Cico served the pasta with a Sicialian white wine, Inzolia della vineria Principe di Corleone. He generously shared his recipe with us to pass along to our Due Spaghetti readers.
one package of spaghetti
2 fillets of swordfish, preferably fresh caught
3 cloves of garlic
One large cherry tomato, or several smaller ones
One bunch of flat leaf Italian parsley
Ground black pepper
Crushed red pepper
Dry white wine
Toasted bread crumbs*
Ground Bronte pistachios**
*Quickly toasted plain, unseasoned breadcrumbs on the stove top in a small amount of olive oil, minced garlic, and grated tuna roe. Remove from heat, let cool, and store in an air-tight container. (Tuna roe, also called bottarga di tonno, is expensive and difficult to locate in the U.S.. Bottarga di muggine can be substituted, or it can be omitted entirely.)
**Bronte pistachios are a high quality Sicilian pistachio grown in the region of Bronte. If needed, regular pistachios can be used and ground at home in a food processor.
Dice the swordfish into small cubes. Set aside.
Mince the garlic and the parsley. Add each to a large skillet (big enough to accommodate the cooked spaghetti), along with a few tablespoons olive oil, a half-cup of water, a few dashes of ground black pepper, a few dashes of salt, and crushed red pepper to taste. Sauté over medium-low heat for several minutes. Add the cubed swordfish and the white wine and simmer for about 5 minutes, adding more white wine only if needed.

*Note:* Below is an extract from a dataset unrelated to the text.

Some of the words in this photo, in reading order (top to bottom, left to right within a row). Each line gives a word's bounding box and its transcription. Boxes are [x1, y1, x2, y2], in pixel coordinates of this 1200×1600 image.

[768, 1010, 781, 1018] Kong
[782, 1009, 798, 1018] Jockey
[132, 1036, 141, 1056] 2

Remove the swordfish and set aside. Slice the cherry tomato(es) and add them to the skillet. If you have dry grated tuna roe, add a pinch or two. Let cook for 5-10 more minutes, pressing on the tomato until it deconstructs. Add more white wine and simmer to make a sort of reduction sauce. Add a tablespoon or two of crushed pistachios and another tablespoon or two of toasted bread crumbs, and a tablespoon or two of olive oil. Return the swordfish to the skillet, mix everything well, and turn off heat.

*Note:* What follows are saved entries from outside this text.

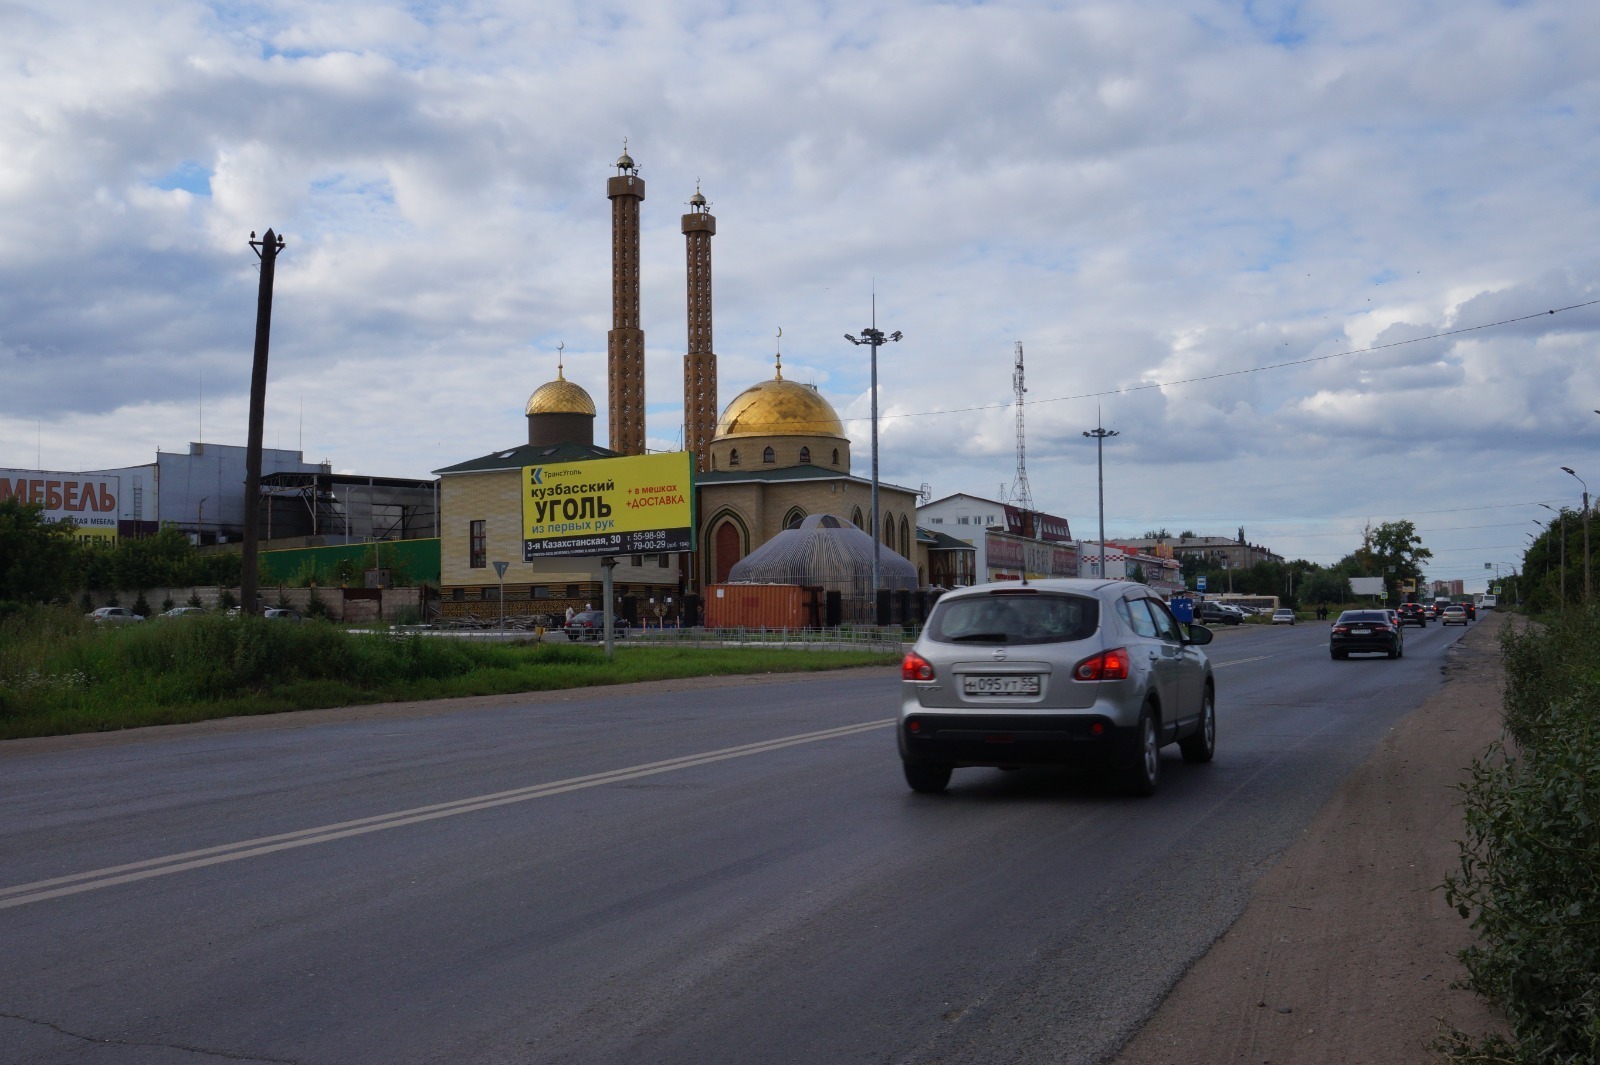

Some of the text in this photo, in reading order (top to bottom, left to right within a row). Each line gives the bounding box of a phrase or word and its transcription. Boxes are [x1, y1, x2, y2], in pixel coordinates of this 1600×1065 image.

[543, 469, 582, 479] ТрансУголь
[0, 477, 116, 512] МЕБЕЛЬ
[531, 479, 615, 499] кузбасский
[641, 484, 678, 494] мешках
[535, 495, 612, 523] УГОЛЬ
[626, 494, 685, 509] +ДОСТАВКА
[90, 518, 115, 526] МЕБЕЛЬ
[532, 518, 615, 534] из первых рук
[527, 534, 621, 550] 3-я Казахстанская, 30
[633, 530, 666, 541] 55-98-98
[633, 540, 666, 550] 79-00-29
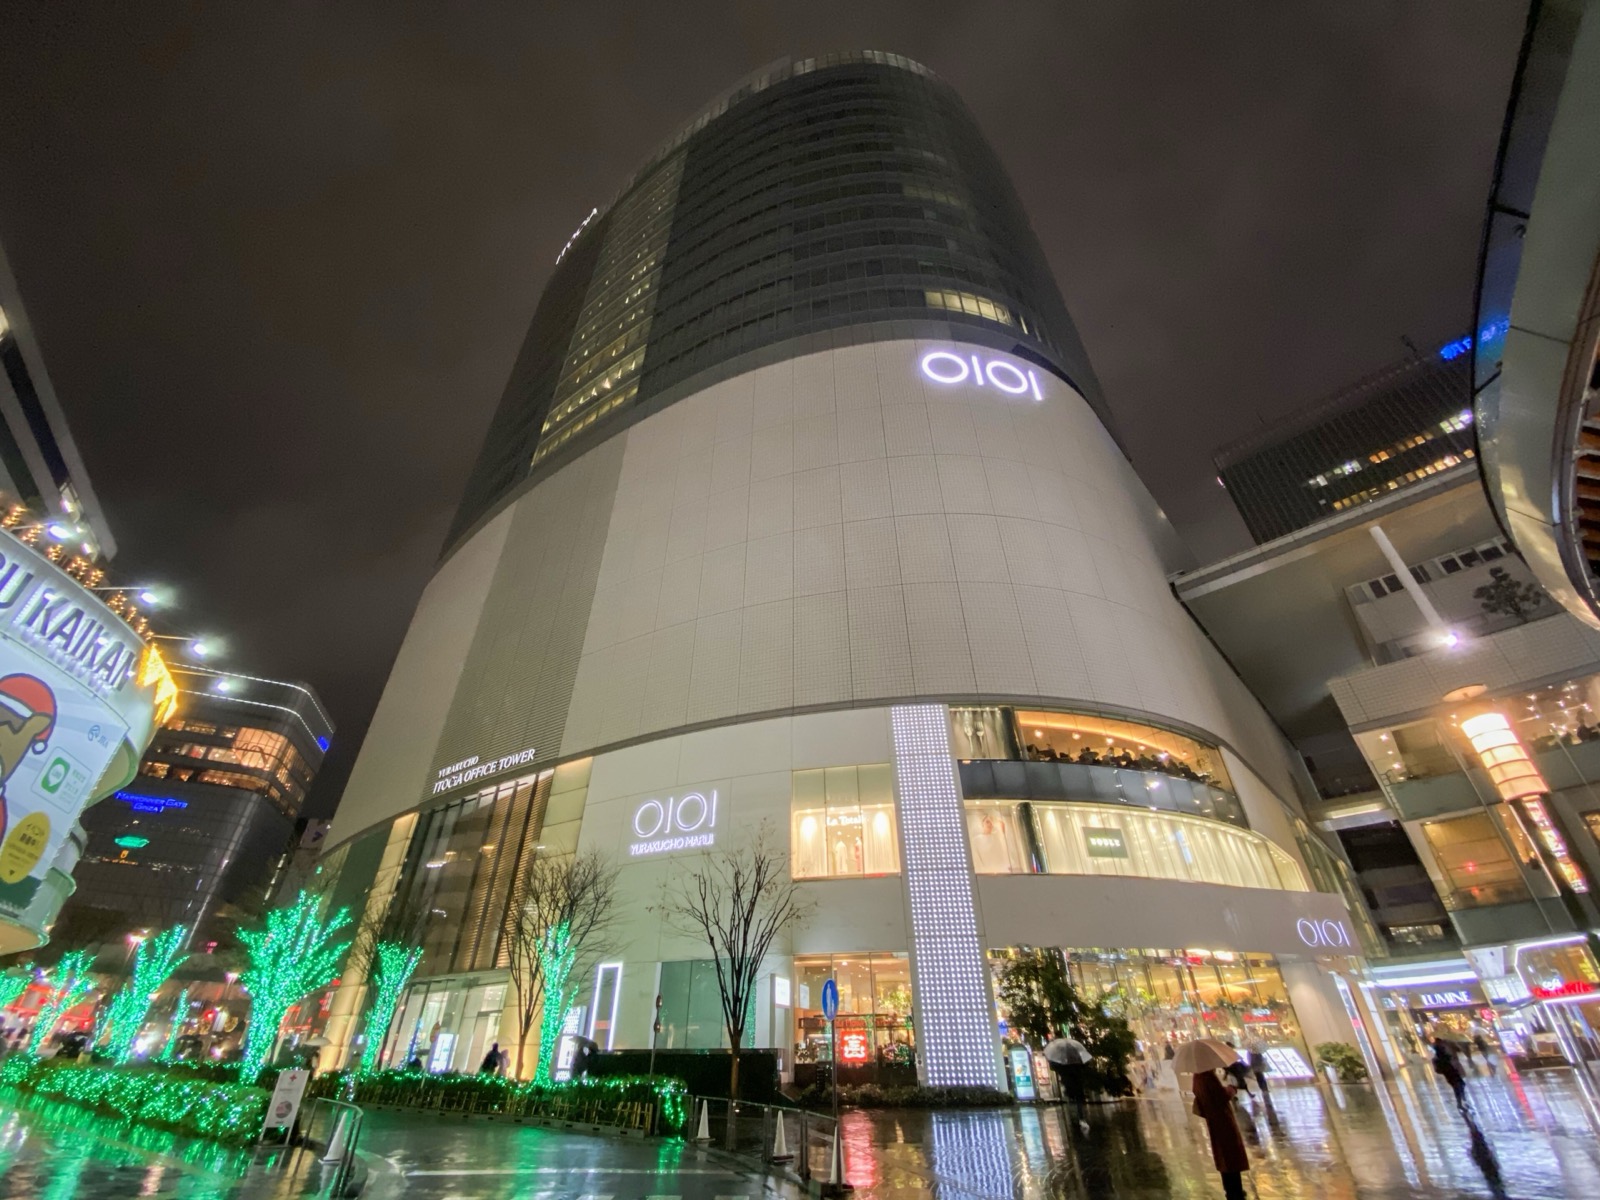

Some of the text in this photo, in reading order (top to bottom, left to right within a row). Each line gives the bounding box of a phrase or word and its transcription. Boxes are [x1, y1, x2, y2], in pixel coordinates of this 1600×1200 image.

[26, 587, 136, 692] KAIKAN
[438, 755, 479, 778] YURAKUCHO
[463, 761, 498, 783] OFFICE
[499, 748, 536, 771] TOWER
[630, 832, 715, 856] YURAKUCHO MARUI
[1420, 990, 1472, 1006] LUMINE

Cook the spaghetti in salted, boiling water according to the directions on the package. When al dente, remove immediately and drain well, saving one cup of the cooking water. Add the spaghetti to the skillet, turn the heat to high, and toss the pasta with the swordfish mixture, adding the cooking water gradually if needed to provide moisture.
Serve immediately with a dusting of bread crumbs and ground pistachio.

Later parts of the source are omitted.